- [DATA UNDER STUDY]:
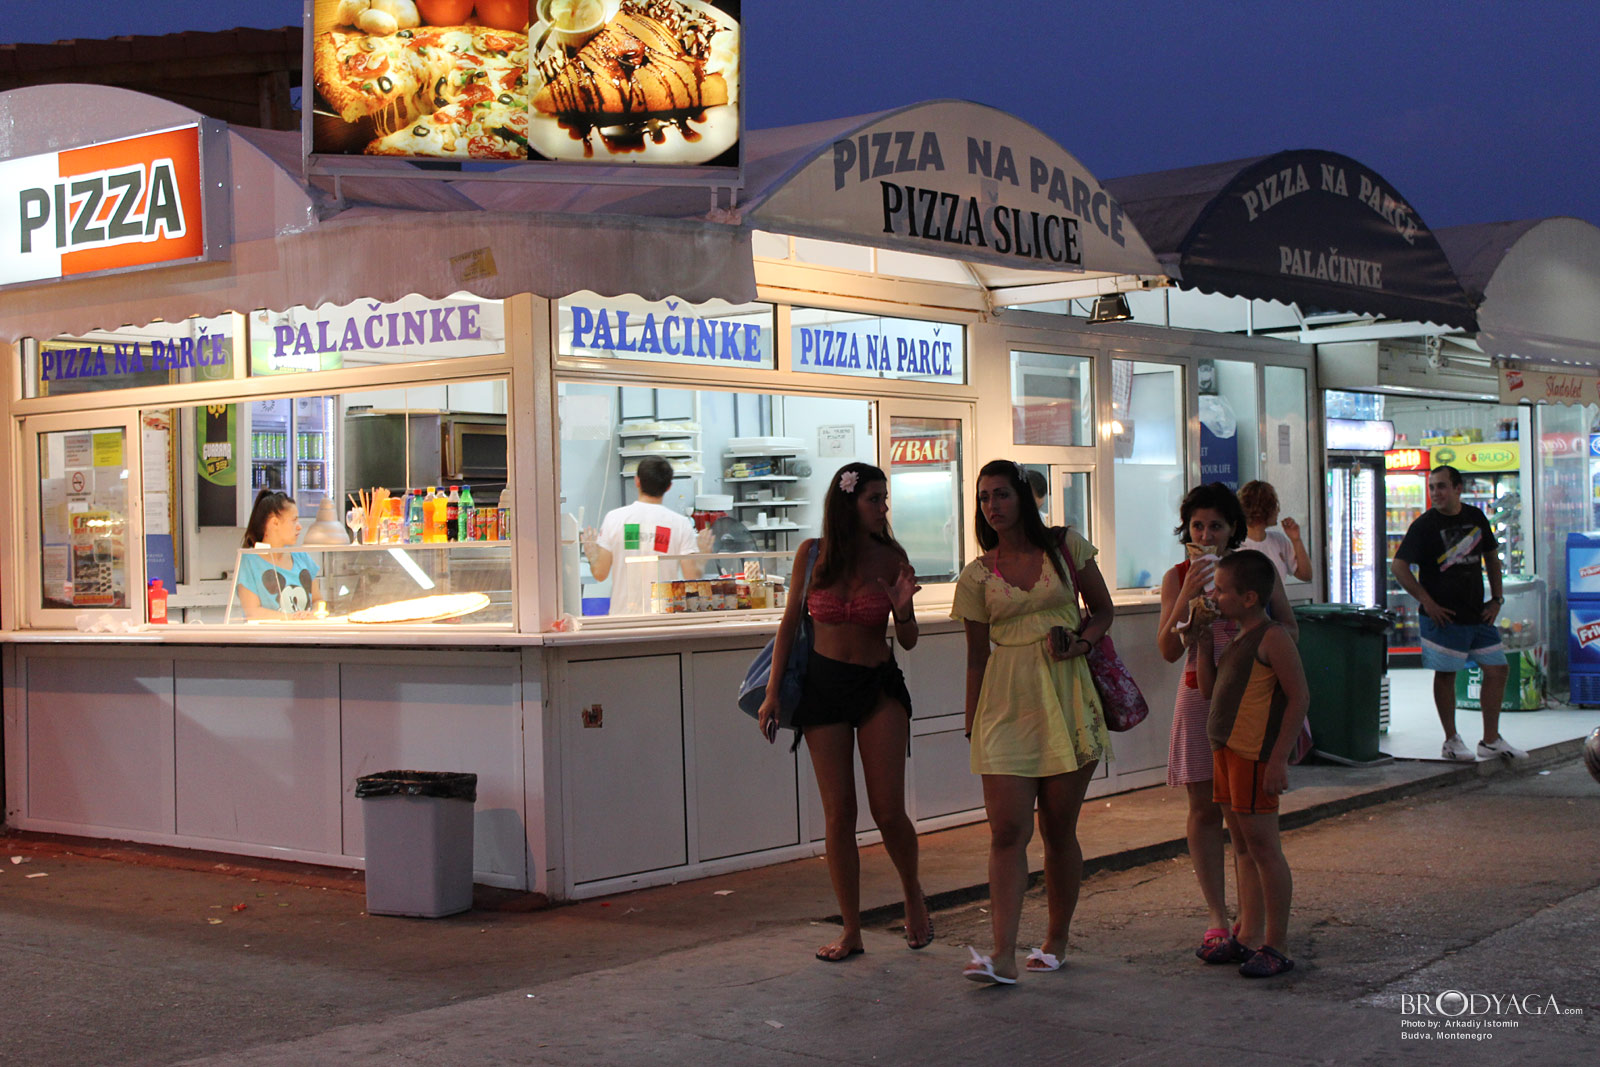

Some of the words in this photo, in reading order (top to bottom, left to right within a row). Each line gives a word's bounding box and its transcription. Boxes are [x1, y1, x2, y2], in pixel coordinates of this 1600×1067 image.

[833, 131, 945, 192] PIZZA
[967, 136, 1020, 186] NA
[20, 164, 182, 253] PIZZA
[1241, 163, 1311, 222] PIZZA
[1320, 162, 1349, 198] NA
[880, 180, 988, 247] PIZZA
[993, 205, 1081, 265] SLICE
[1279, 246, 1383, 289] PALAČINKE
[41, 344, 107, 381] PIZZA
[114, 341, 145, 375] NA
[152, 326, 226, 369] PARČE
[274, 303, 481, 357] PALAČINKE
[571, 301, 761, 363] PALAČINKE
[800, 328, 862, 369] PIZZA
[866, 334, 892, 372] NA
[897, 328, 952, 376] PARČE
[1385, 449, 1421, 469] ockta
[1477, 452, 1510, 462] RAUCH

--

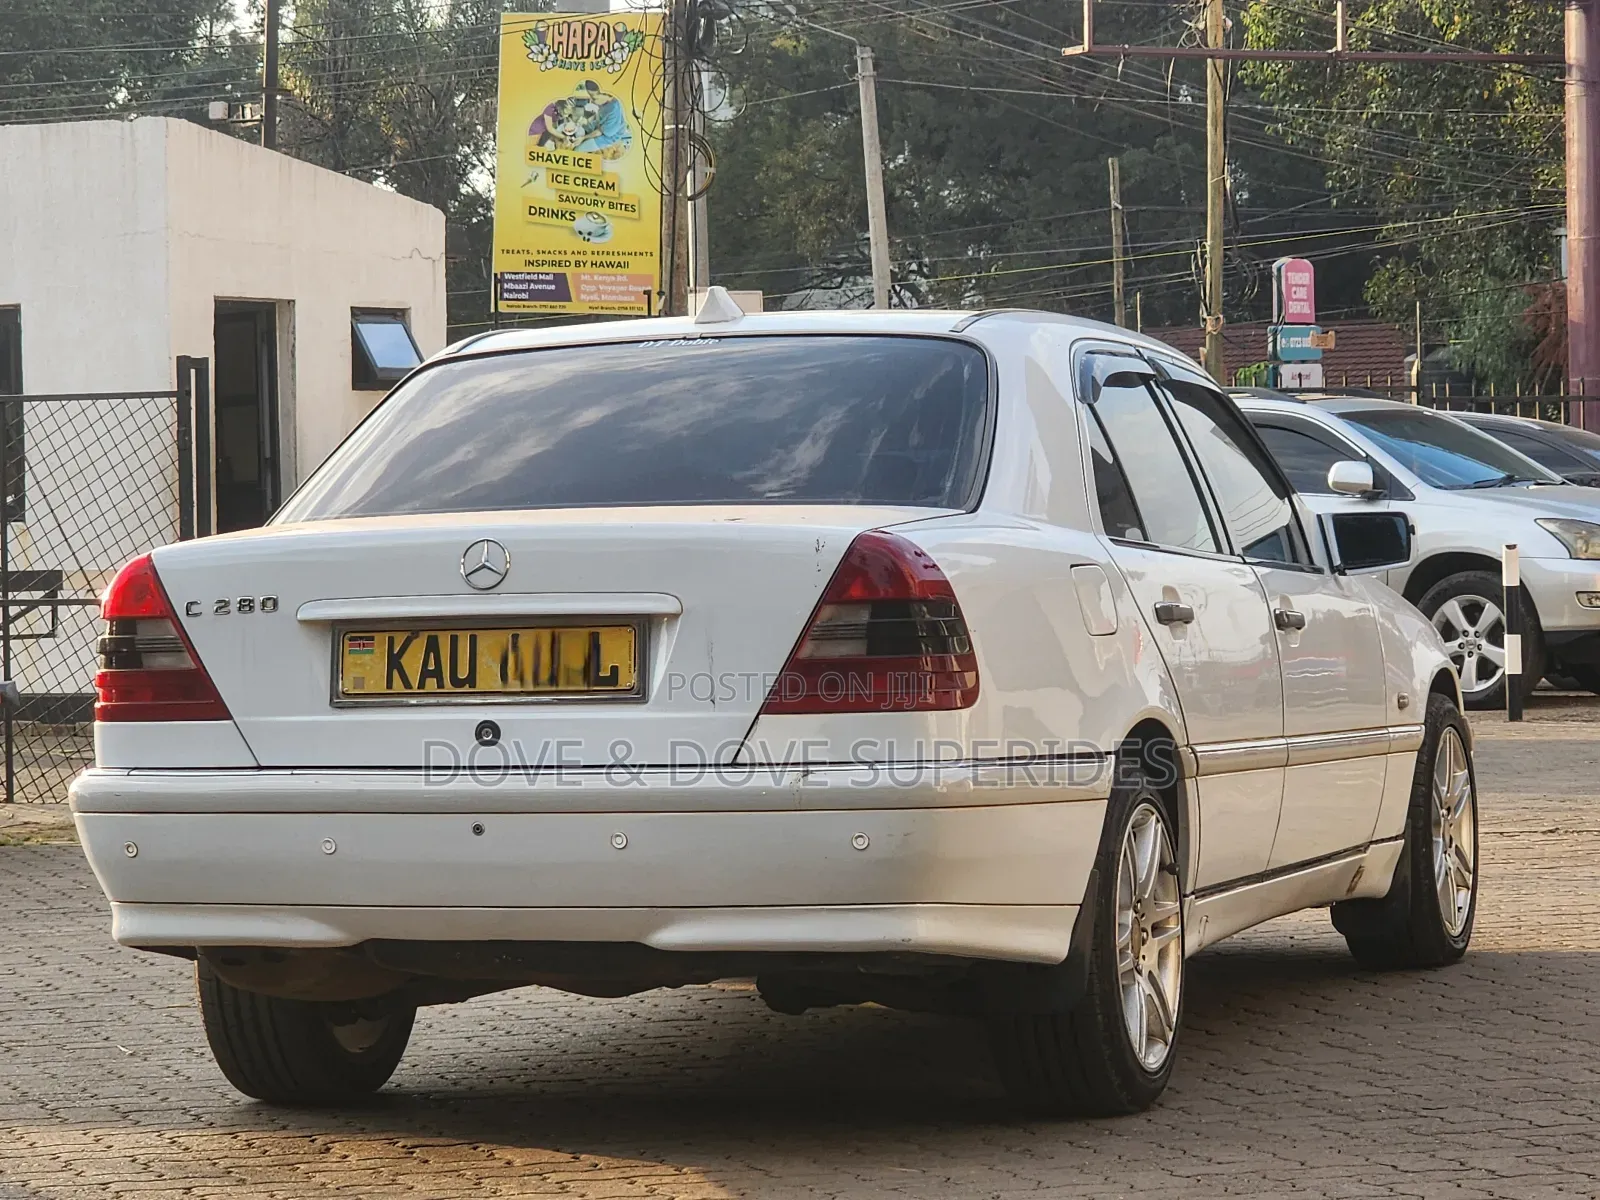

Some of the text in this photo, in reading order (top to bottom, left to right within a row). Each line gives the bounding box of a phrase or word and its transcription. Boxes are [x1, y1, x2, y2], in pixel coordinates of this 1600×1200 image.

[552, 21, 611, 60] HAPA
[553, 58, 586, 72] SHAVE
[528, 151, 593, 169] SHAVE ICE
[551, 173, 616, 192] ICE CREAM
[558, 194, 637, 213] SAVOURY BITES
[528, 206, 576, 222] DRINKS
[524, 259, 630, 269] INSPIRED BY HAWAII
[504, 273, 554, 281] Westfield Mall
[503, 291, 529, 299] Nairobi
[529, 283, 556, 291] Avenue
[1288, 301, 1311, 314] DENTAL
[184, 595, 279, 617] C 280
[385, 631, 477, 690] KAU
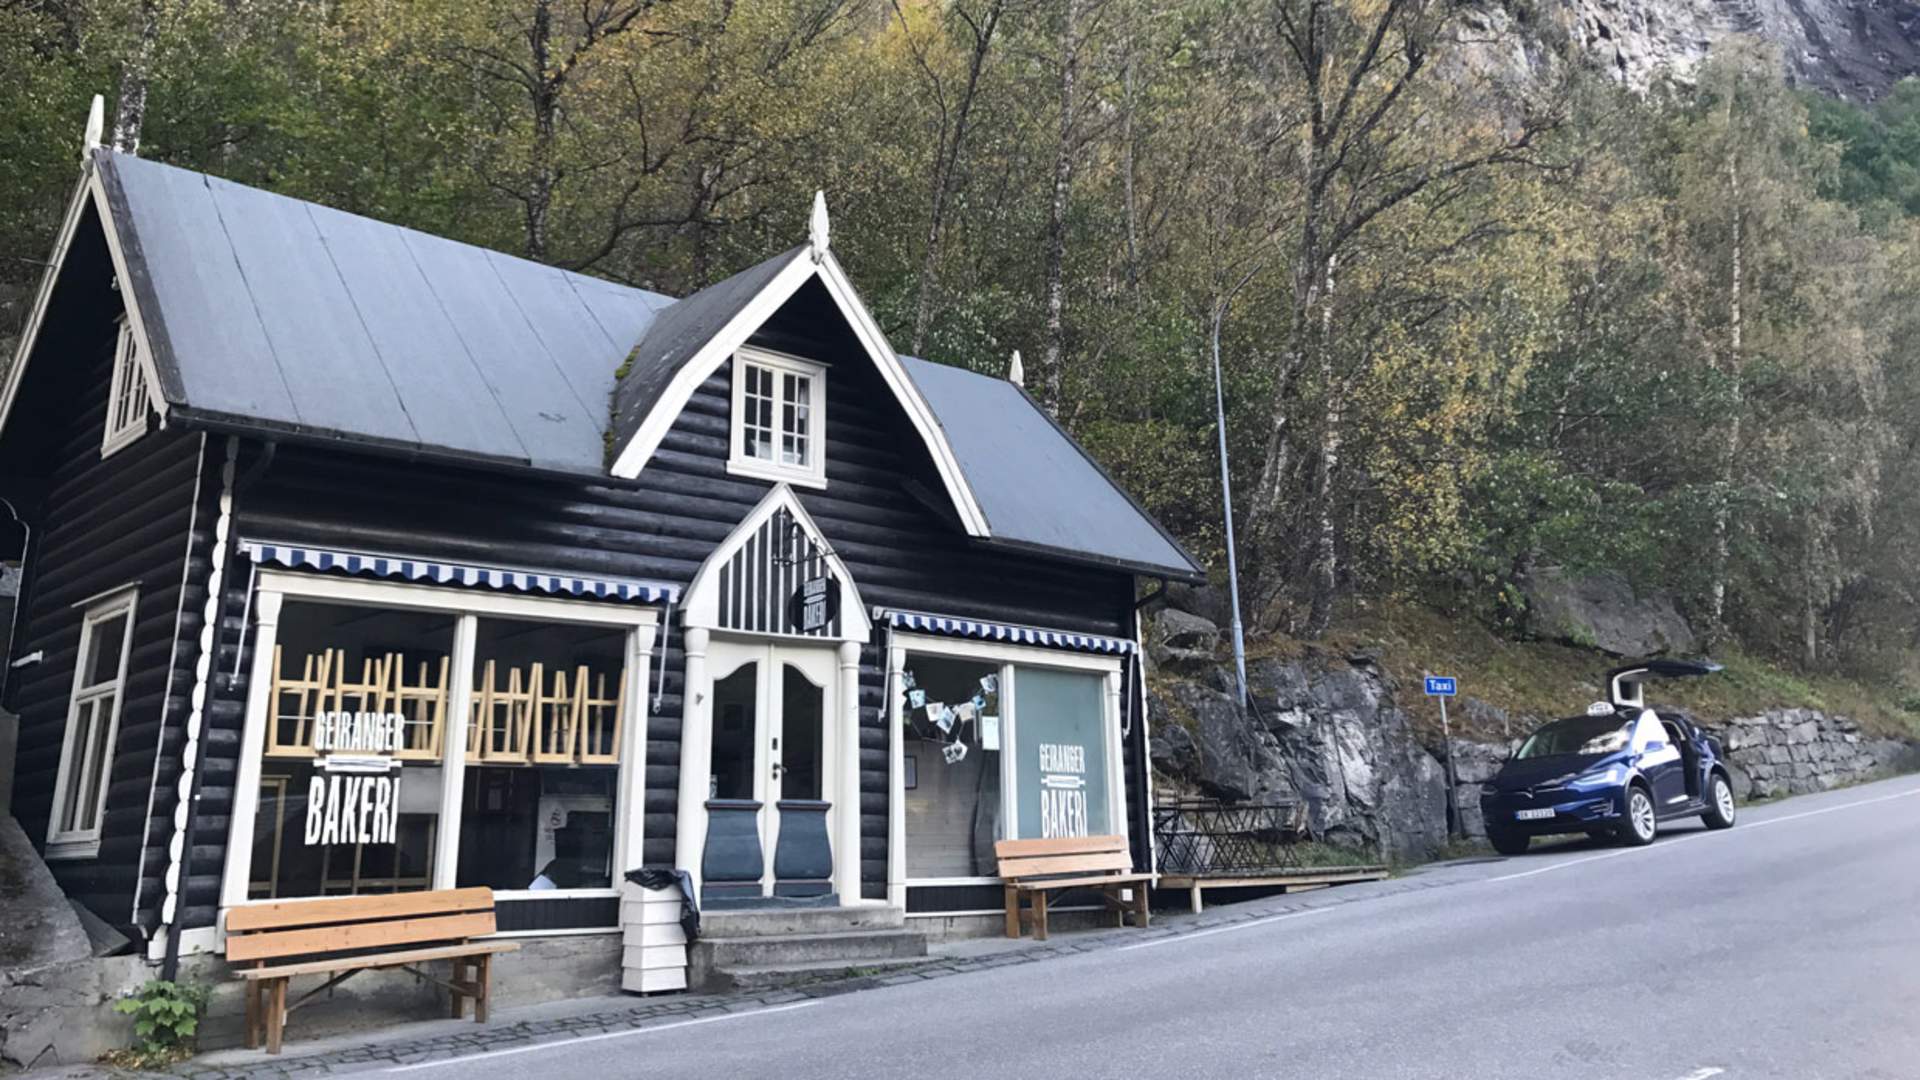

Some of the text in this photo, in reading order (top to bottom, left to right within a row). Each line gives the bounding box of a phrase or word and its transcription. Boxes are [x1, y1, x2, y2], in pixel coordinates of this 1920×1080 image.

...

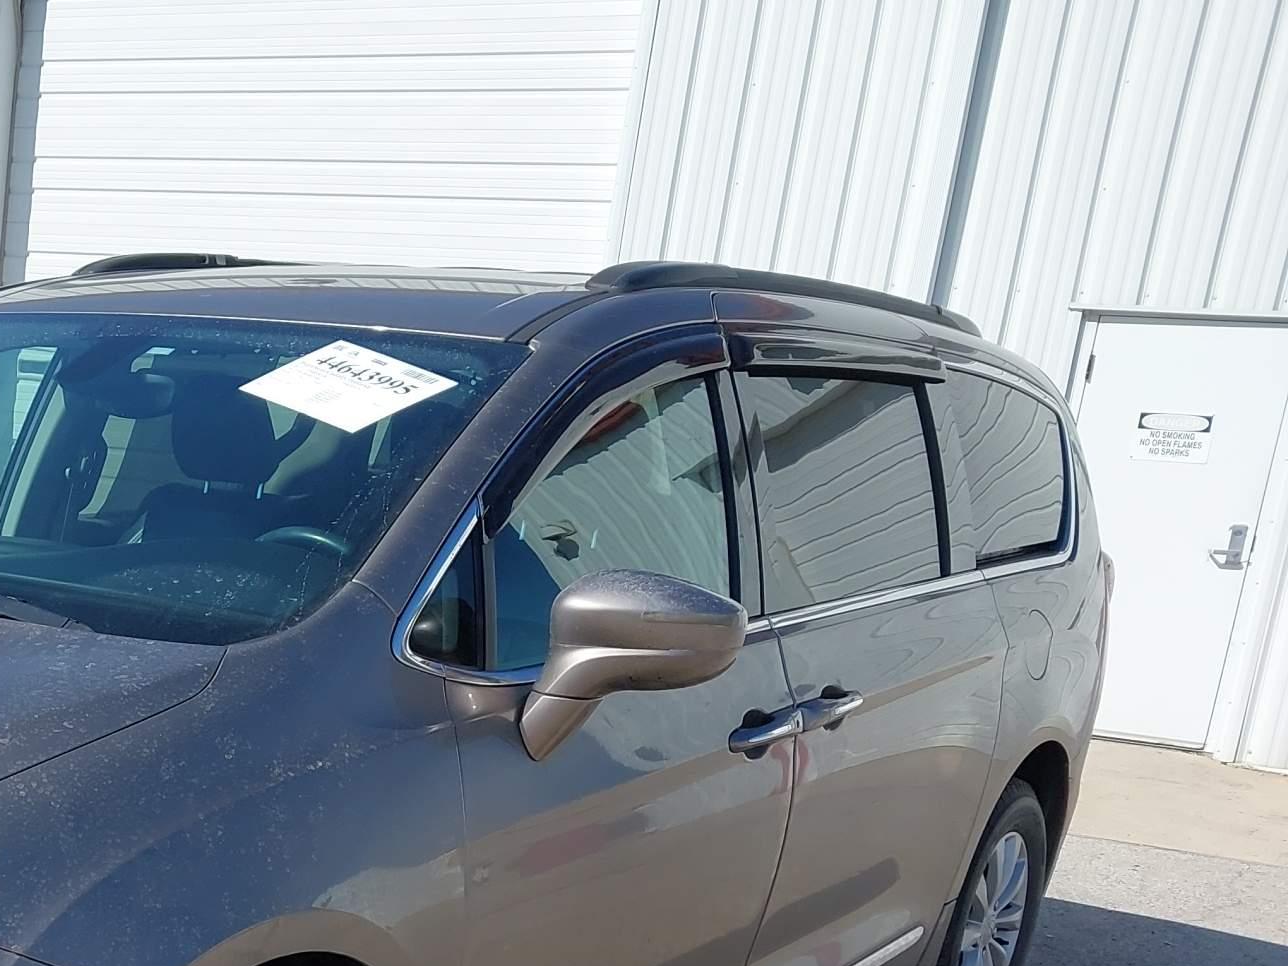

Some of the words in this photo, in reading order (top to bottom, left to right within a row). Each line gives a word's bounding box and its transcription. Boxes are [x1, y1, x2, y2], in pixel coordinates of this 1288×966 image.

- [TASK INSTRUCTIONS]: Excerpt from the records above: set down only the lines from the one that contains "this 1600×1200 image." through the one that contains "this 1920×1080 image.", inclusive, word for word. Pictures stay out.

- [EXERCISE OUTPUT]:
Some of the text in this photo, in reading order (top to bottom, left to right within a row). Each line gives the bounding box of a phrase or word and its transcription. Boxes are [x1, y1, x2, y2], in pixel coordinates of this 1600×1200 image.

[552, 21, 611, 60] HAPA
[553, 58, 586, 72] SHAVE
[528, 151, 593, 169] SHAVE ICE
[551, 173, 616, 192] ICE CREAM
[558, 194, 637, 213] SAVOURY BITES
[528, 206, 576, 222] DRINKS
[524, 259, 630, 269] INSPIRED BY HAWAII
[504, 273, 554, 281] Westfield Mall
[503, 291, 529, 299] Nairobi
[529, 283, 556, 291] Avenue
[1288, 301, 1311, 314] DENTAL
[184, 595, 279, 617] C 280
[385, 631, 477, 690] KAU

Some of the text in this photo, in reading order (top to bottom, left to right within a row). Each line gives the bounding box of a phrase or word and its transcription. Boxes are [x1, y1, x2, y2], in pixel coordinates of this 1920×1080 image.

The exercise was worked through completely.